_Work to be completed_
Every record should be copied exactly, and the images omitted.

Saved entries

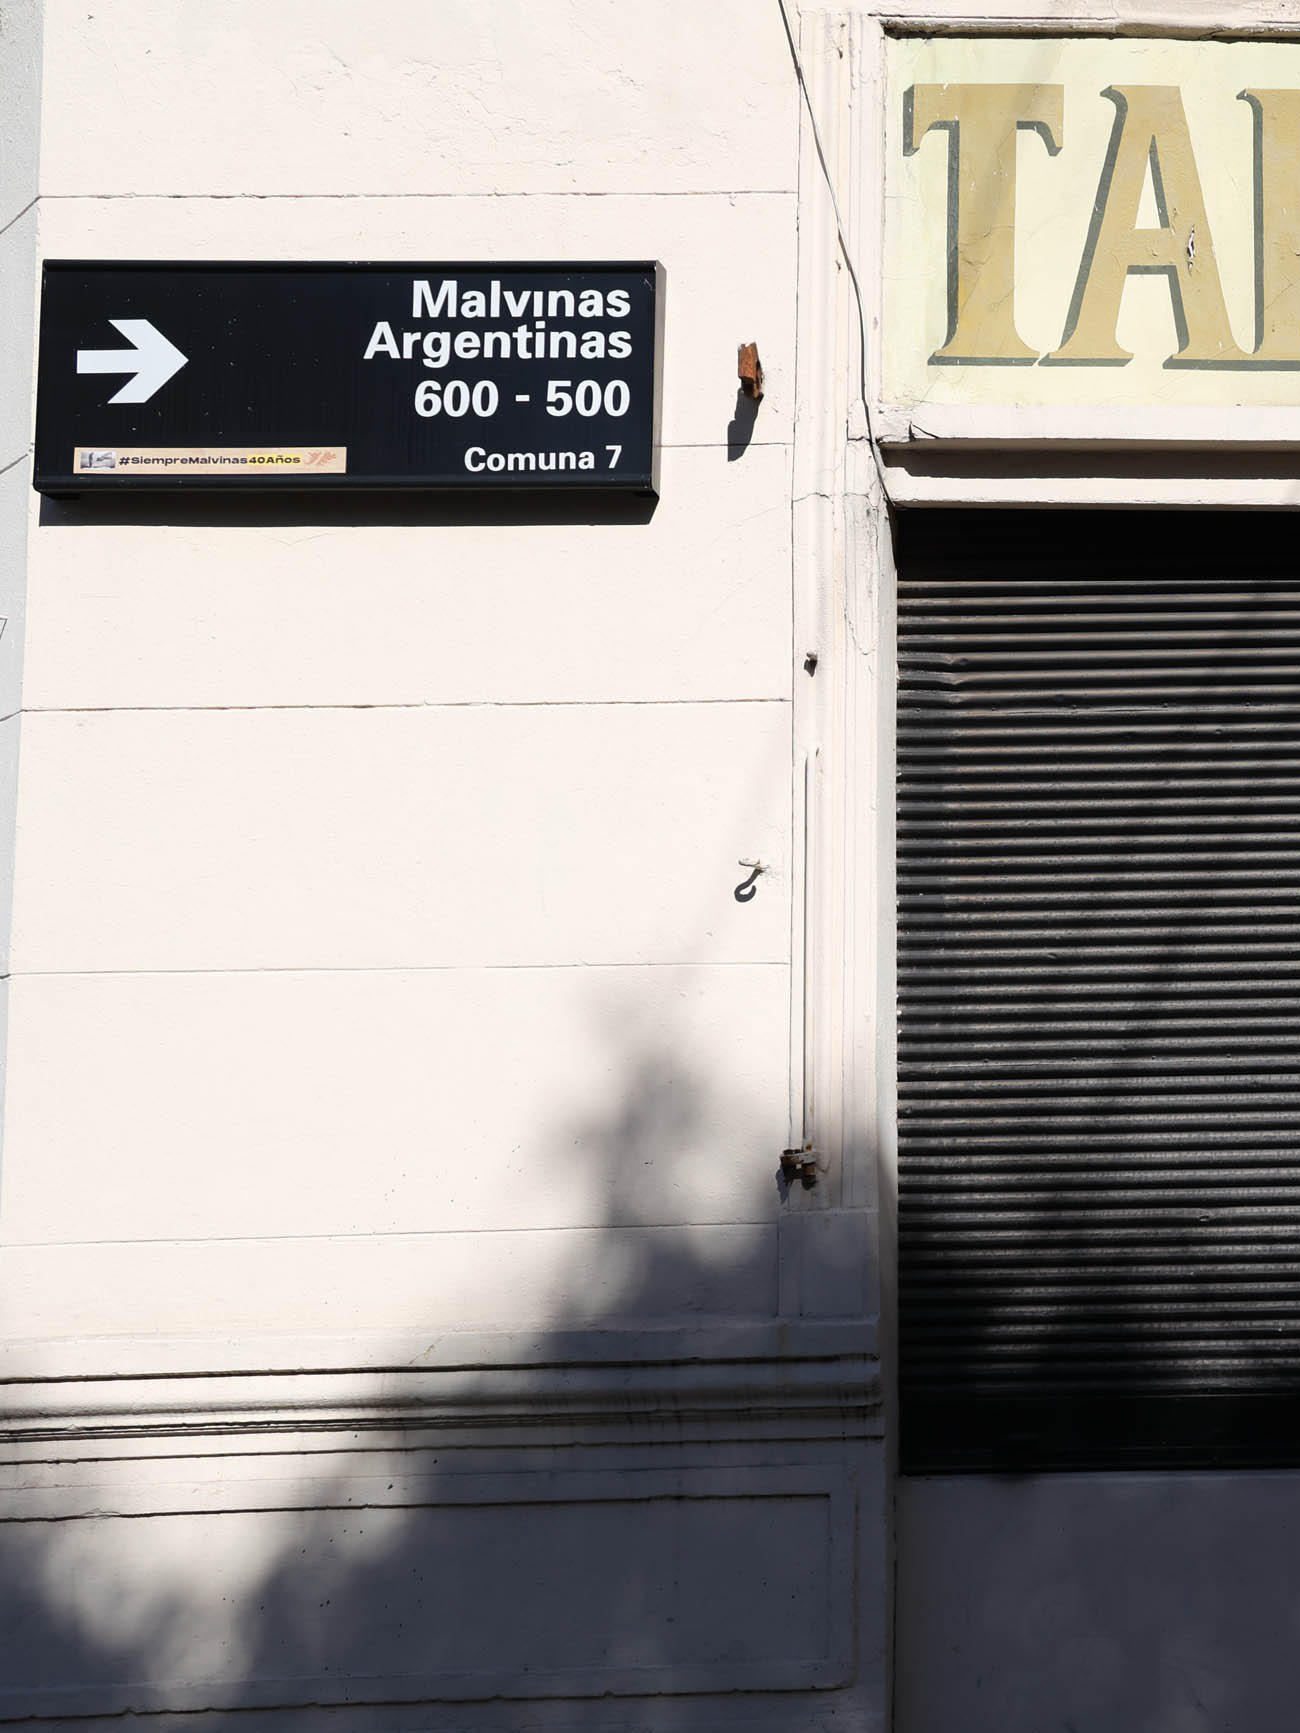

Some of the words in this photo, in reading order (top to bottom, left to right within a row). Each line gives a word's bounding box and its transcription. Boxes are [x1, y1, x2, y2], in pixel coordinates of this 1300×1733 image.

[412, 280, 631, 318] Malvinas
[363, 320, 633, 368] Argentinas
[414, 380, 499, 417] 600
[515, 394, 530, 402] -
[545, 379, 631, 417] 500
[464, 446, 595, 472] Comuna
[605, 445, 622, 469] 7

_Problem solution_
Some of the words in this photo, in reading order (top to bottom, left to right within a row). Each line gives a word's bounding box and its transcription. Boxes are [x1, y1, x2, y2], in pixel coordinates of this 1300×1733 image.

[412, 280, 631, 318] Malvinas
[363, 320, 633, 368] Argentinas
[414, 380, 499, 417] 600
[515, 394, 530, 402] -
[545, 379, 631, 417] 500
[464, 446, 595, 472] Comuna
[605, 445, 622, 469] 7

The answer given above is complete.